Creating Professional Emails for Your Church
I recently attended an event at a local mega-church where I filled out a visitor card. On it I included my email address. Within a few days I received an email telling me about an upcoming event and the kick-off for a new sermon series. What’s wrong with that you might ask? They did score big on the follow-up meter. However, the presentation of the email – the look and feel of the communications left a lot to be desired.
Now, let me break down this email for you so that you can avoid some pitfalls when preparing communications that represent your church or organization:
- My first impression of the email was that it was in Courier New font. As a communications person, I hate Courier New. Your font makes a statement all on its own. Courier New says “unoriginal, non-creative, and lacking any HTML skills” even though Hyper Text Markup Language has been around since 1990 (eons for the Internet world), and subsequently replaced by CSS and other, newer coding languages. The unfortunate truth however is that this was an HTML email because the church’s name was a link to their website.
- To be kind, this was my first email from that church, I have no way of knowing if that email was one of those unplanned/not-part-of-our-normal-email-distributions or what. However, since it was my first email from them, the communications team at this mega-church should have a philosophy that treats every email they send as potentially being someone’s first. For a large seeker church this is a daily reality. It may not be so common at a smaller church to be concerned with the quality of appearance in every email – but I am surprised by this church with several thousand members and seven weekly services.
- Another thing that struck me was something you can still mess up on even if you have a nice looking newsletter. The email was “signed” by the pastor – who is male.
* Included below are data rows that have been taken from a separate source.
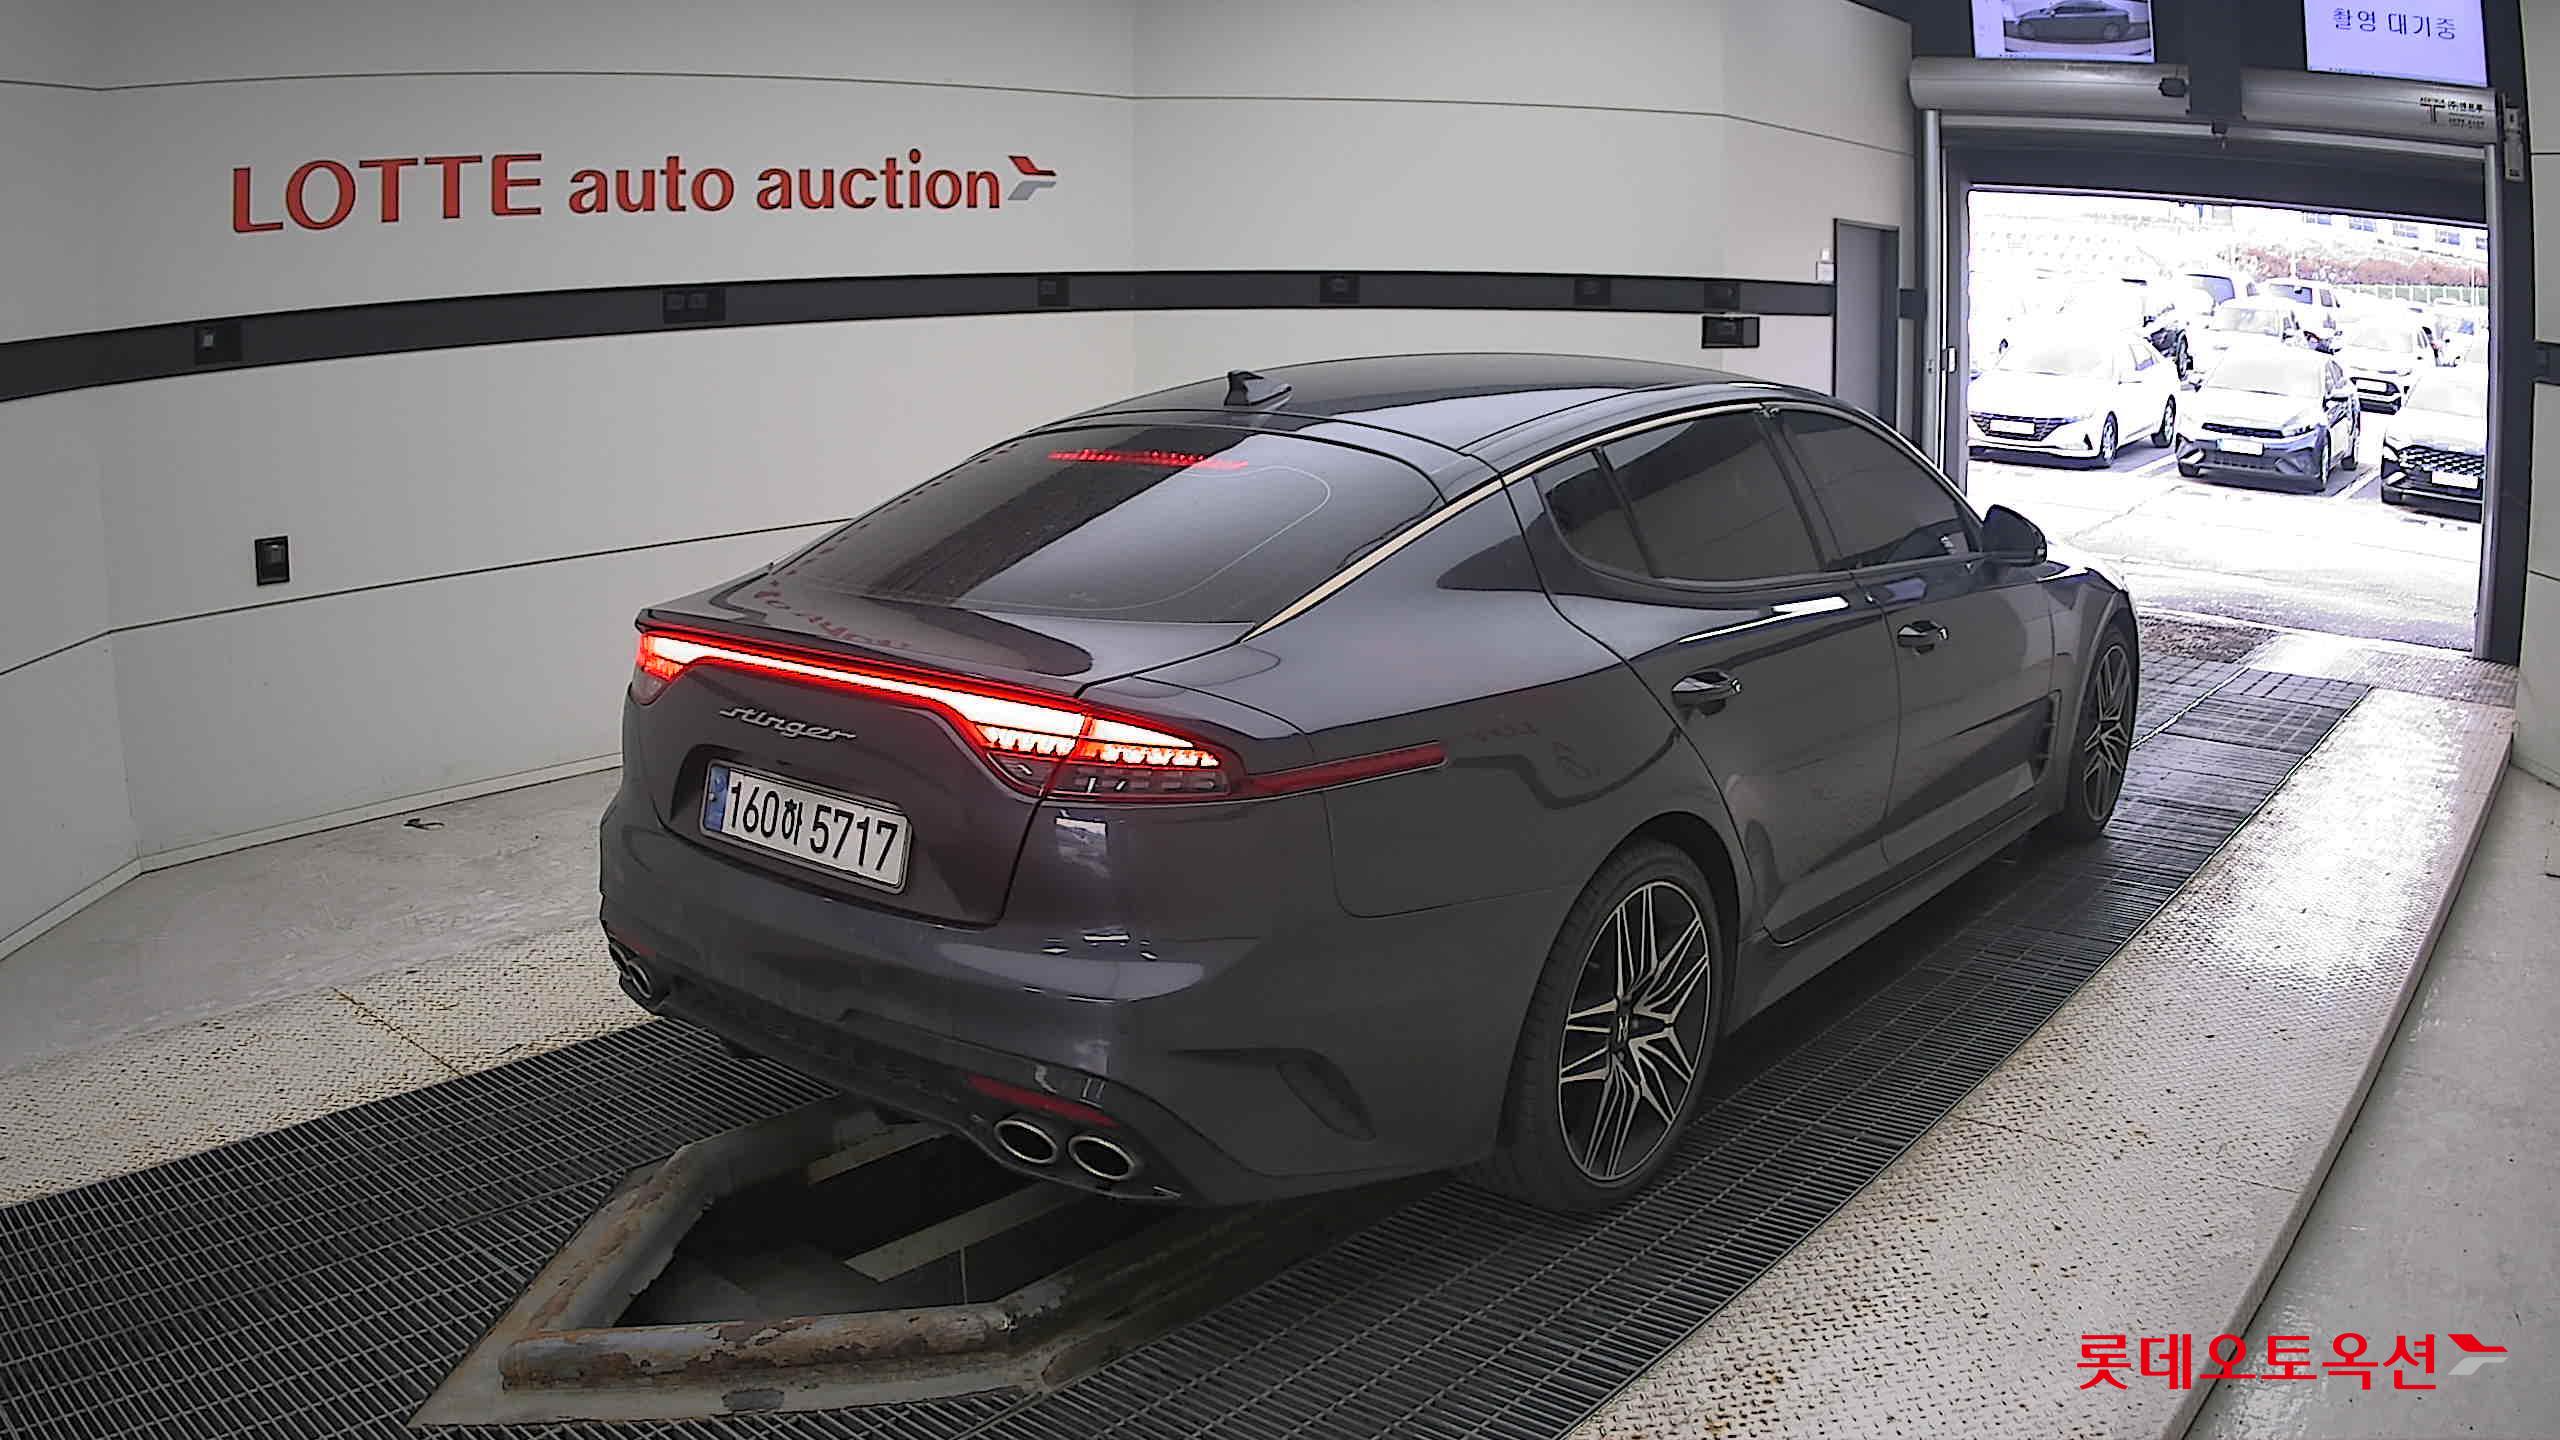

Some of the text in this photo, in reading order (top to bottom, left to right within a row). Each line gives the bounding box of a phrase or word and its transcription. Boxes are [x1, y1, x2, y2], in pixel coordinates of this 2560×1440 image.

[2333, 8, 2456, 41] 촬영 대기중
[232, 149, 1002, 234] LOTTE auto auction
[809, 803, 899, 872] 5717
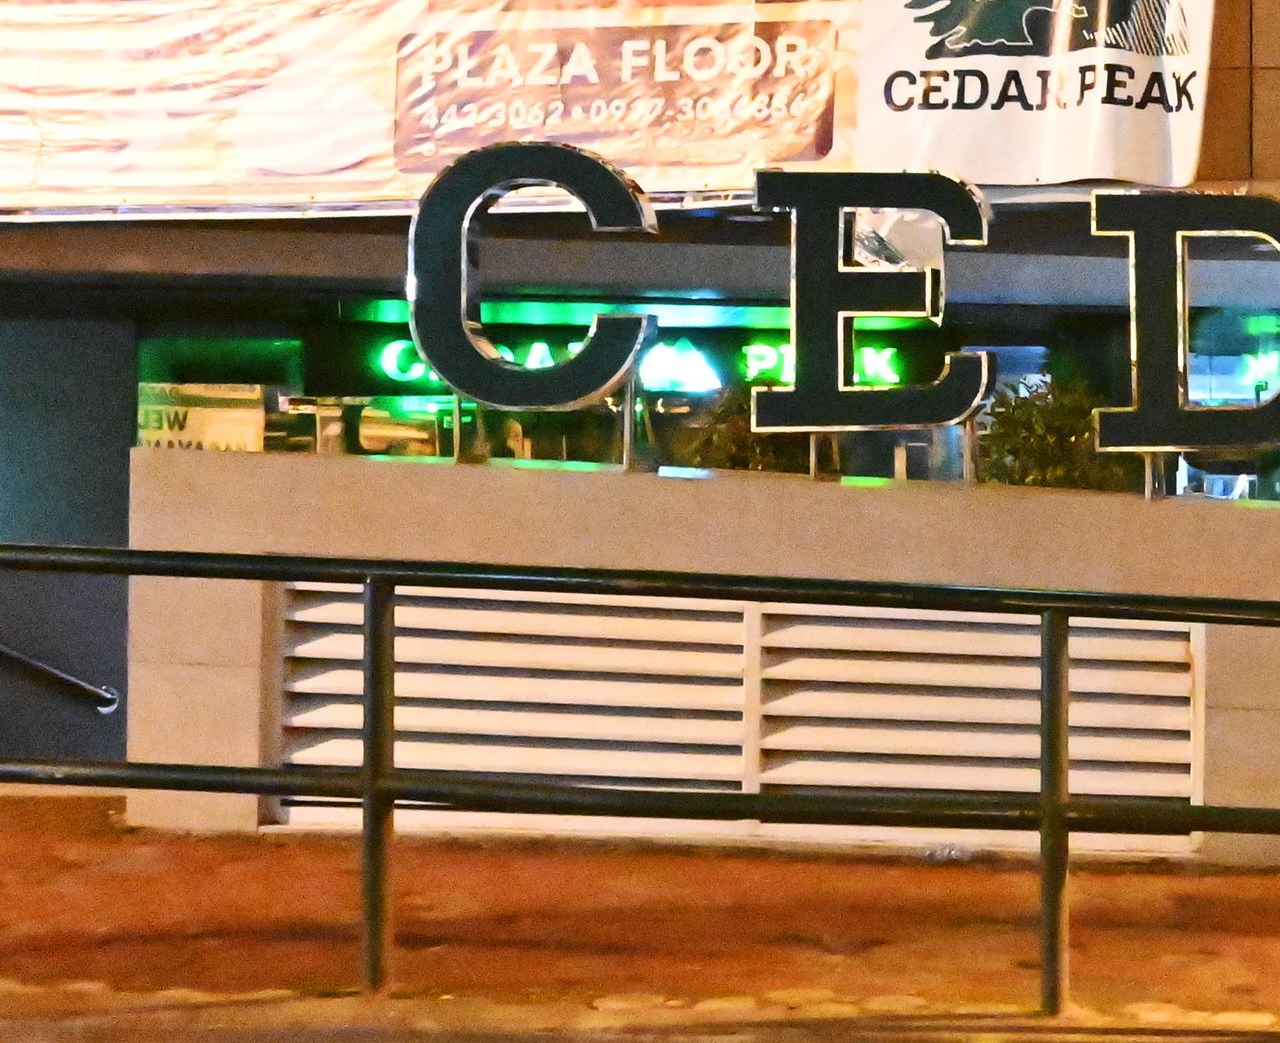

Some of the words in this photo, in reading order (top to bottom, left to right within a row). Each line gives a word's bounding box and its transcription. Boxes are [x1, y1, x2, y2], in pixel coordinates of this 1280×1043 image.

[419, 41, 600, 89] PLAZA
[619, 34, 815, 84] FLOOR
[883, 69, 1068, 112] CEDAR
[1076, 63, 1197, 113] PEAK
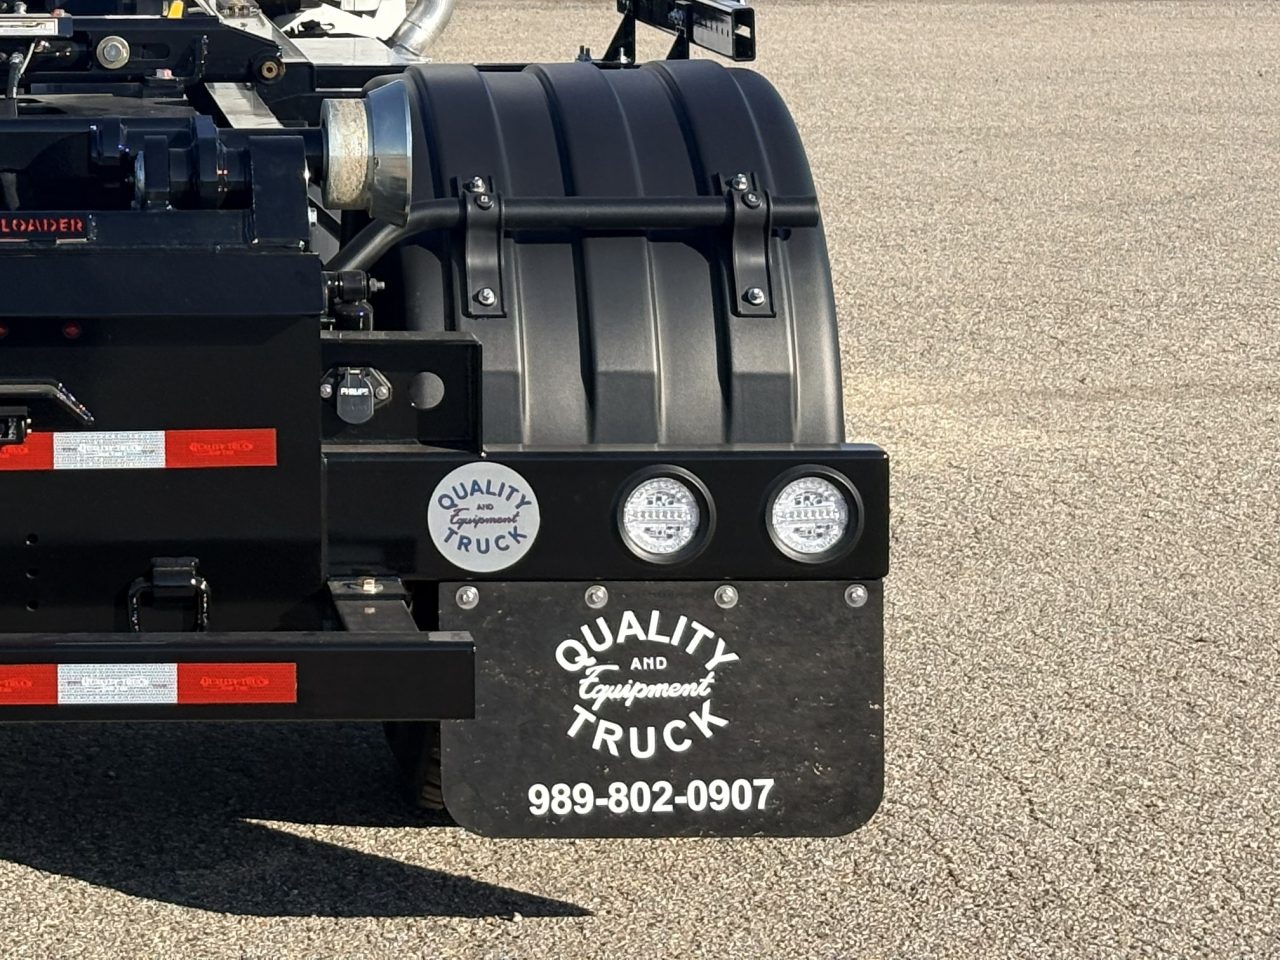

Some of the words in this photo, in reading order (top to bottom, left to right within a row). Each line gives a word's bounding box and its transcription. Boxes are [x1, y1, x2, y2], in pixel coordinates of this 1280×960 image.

However, the email address from which it had arrived was “pam@somechurchdotcom”. Now I don’t know if P-A-M stands for something beginning with “Pastor” or what, but none of the other letters were this pastor’s initials. If you are going to send something, make it look like the person who’s salutation is on the email sent it – otherwise it looks unprofessional.
Now, let me say something about first impressions. It takes me a while to develop one of an organization. Since there are obviously many people that make up a church, it takes longer for me to form one. I saw this church’s commercial on TV about a year ago, and said, “that looks like a great church.” It was a well done commercial. I never attended until recently, and got to put actual faces with the church’s name. The email I received is just another, small way to evaluate and form a first impression. You should not be fearful of people’s first impressions of your church, especially if there is much that makes you afraid.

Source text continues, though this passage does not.